United States District Court, D. Hawaii

October 4, 2016

DWIGHT J. VICENTE, Plaintiff,
v.
LINDA CHU TAKAYAMA, DIRECTOR OF LABOR AND INDUSTRIAL RELATIONS, et al., Defendants.

          ORDER DISMISSING FIRST AMENDED COMPLAINT WITH LEAVE TO AMEND

          DERRICK R. WATSON UNITED STATES DISTRICT JUDGE

         INTRODUCTION

         On October 3, 2016, Plaintiff Dwight J. Vicente, proceeding pro se, filed a First Amended Complaint against state employees of the Department of Labor and Industrial Relations Disability Compensation Division, a worker's compensation benefits insurer, a healthcare provider, the Governor of the State of Hawaii, and the United States Congress, alleging violations of federal law pursuant to 42 U.S.C. § 1983. The First Amended Complaint suffers from the same deficiencies as Vicente's original Complaint, previously identified in the Court's September 12, 2016 Order granting his in forma pauperis (“IFP”) Application and dismissing the Complaint with leave to Amend. Dkt. No. 6. Because Vicente again fails to state a claim for relief or establish any basis for this Court's subject matter jurisdiction, the Court DISMISSES the First Amended Complaint pursuant to 28 U.S.C. § 1915(e) and once more GRANTS Vicente leave to file an amended complaint by no later than October 31, 2016.

         DISCUSSION

         I. The First Amended Complaint Is Dismissed With Leave to Amend

         A. Standard of Review

         The Court subjects each civil action commenced pursuant to Section 1915(a) to mandatory screening and can order the dismissal of any claims it finds “frivolous, malicious, failing to state a claim upon which relief may be granted, or seeking monetary relief from a defendant immune from such relief.” 28 U.S.C. § 1915(e)(2)(B); Lopez v. Smith, 203 F.3d 1122, 1126-27 (9th Cir. 2000) (en banc) (stating that 28 U.S.C. § 1915(e) “not only permits but requires” the court to sua sponte dismiss an in forma pauperis complaint that fails to state a claim); Calhoun v. Stahl, 254 F.3d 845, 845 (9th Cir. 2001) (per curiam) (holding that “the provisions of 28 U.S.C. § 1915(e)(2)(B) are not limited to prisoners”).

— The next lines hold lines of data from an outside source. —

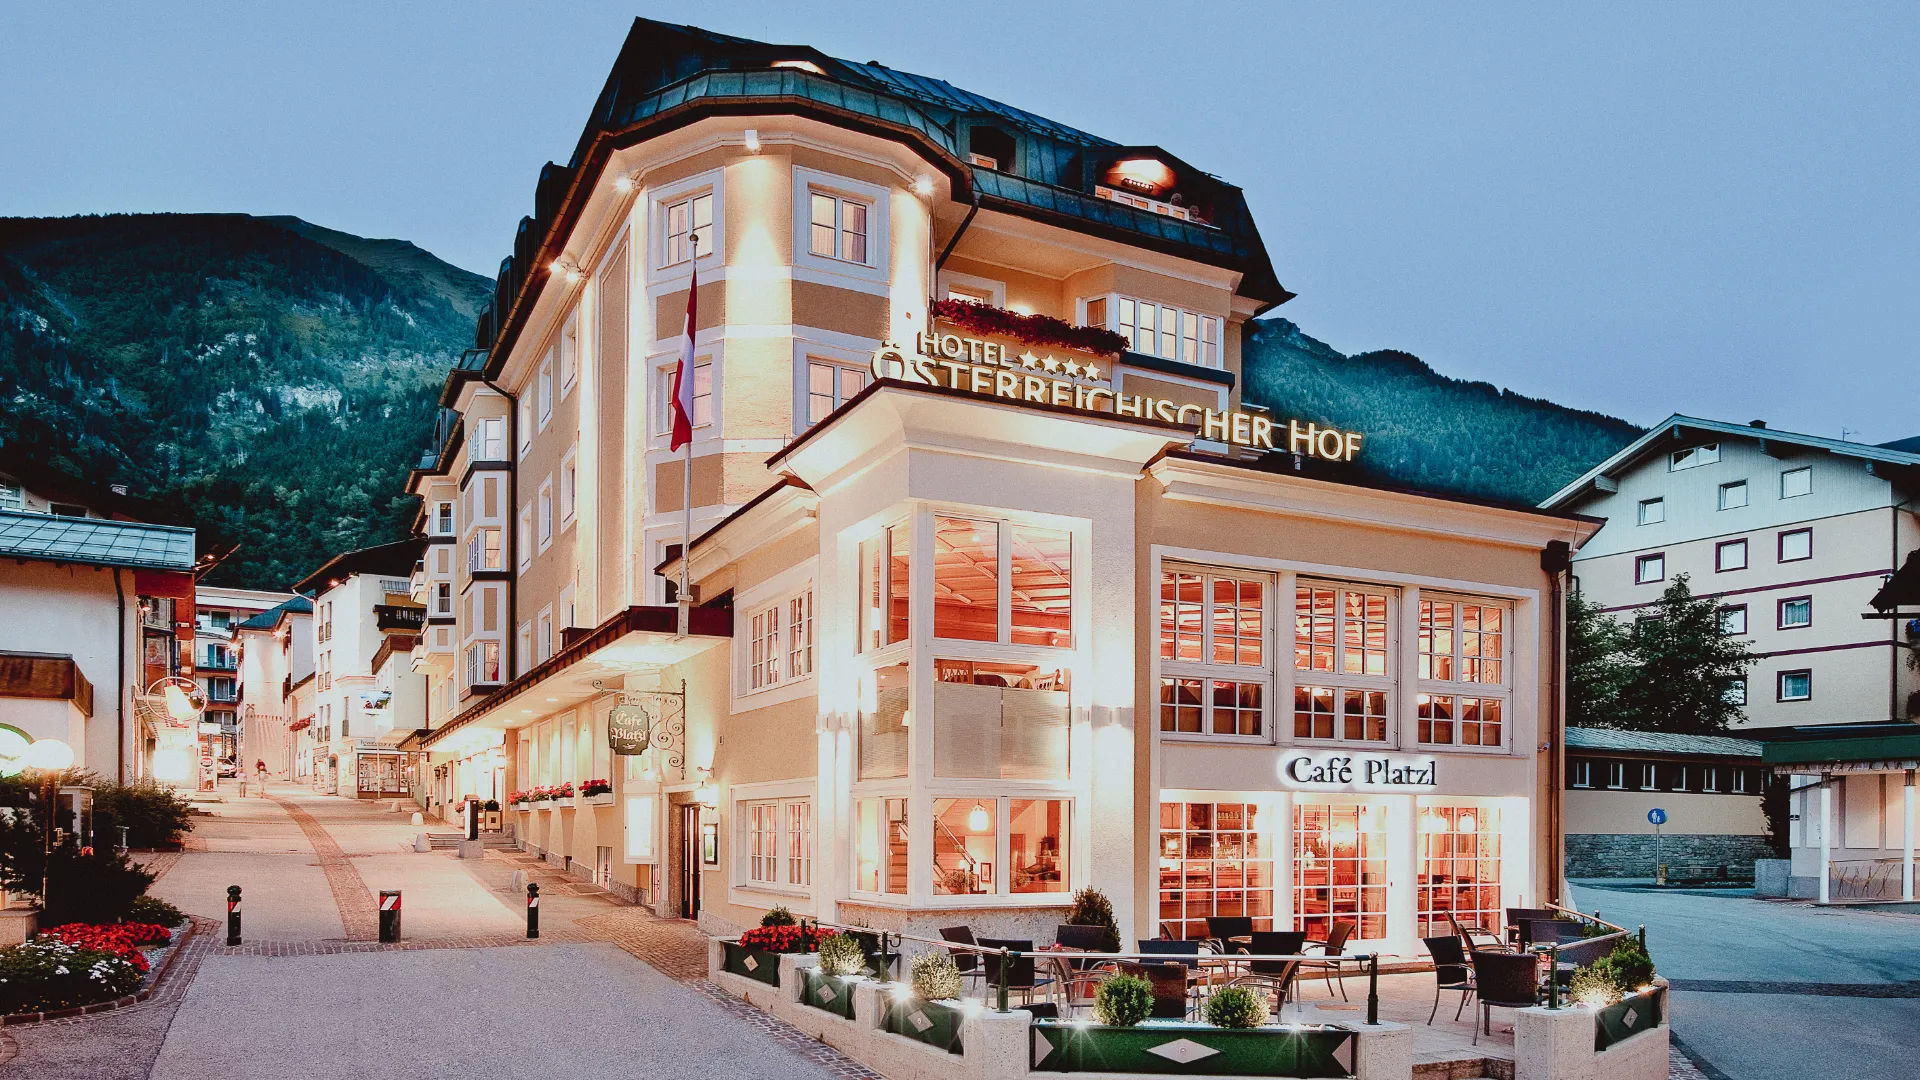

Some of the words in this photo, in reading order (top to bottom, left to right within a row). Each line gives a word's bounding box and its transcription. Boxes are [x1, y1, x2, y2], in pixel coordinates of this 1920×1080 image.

[917, 331, 1013, 368] HOTEL
[870, 340, 1273, 449] ÖSTERREICHISCHER
[1290, 419, 1362, 462] HOF
[611, 727, 648, 748] Platzl
[1285, 757, 1353, 784] Café
[1364, 758, 1438, 786] Platzl

         Because Vicente is appearing pro se, the Court liberally construes the First Amended Complaint. See Erickson v. Pardus, 551 U.S. 89, 94 (2007); see also Eldridge v. Block, 832 F.2d 1132, 1137 (9th Cir. 1987) (“The Supreme Court has instructed the federal courts to liberally construe the ‘inartful pleading' of pro se litigants.”) (citing Boag v. MacDougall, 454 U.S. 364, 365 (1982) (per curiam)). The Court recognizes that “[u]nless it is absolutely clear that no amendment can cure the defect . . . a pro se litigant is entitled to notice of the complaint's deficiencies and an opportunity to amend prior to dismissal of the action.” Lucas v. Dep't of Corr., 66 F.3d 245, 248 (9th Cir. 1995); see also Crowley v. Bannister, 734 F.3d 967, 977-78 (9th Cir. 2013).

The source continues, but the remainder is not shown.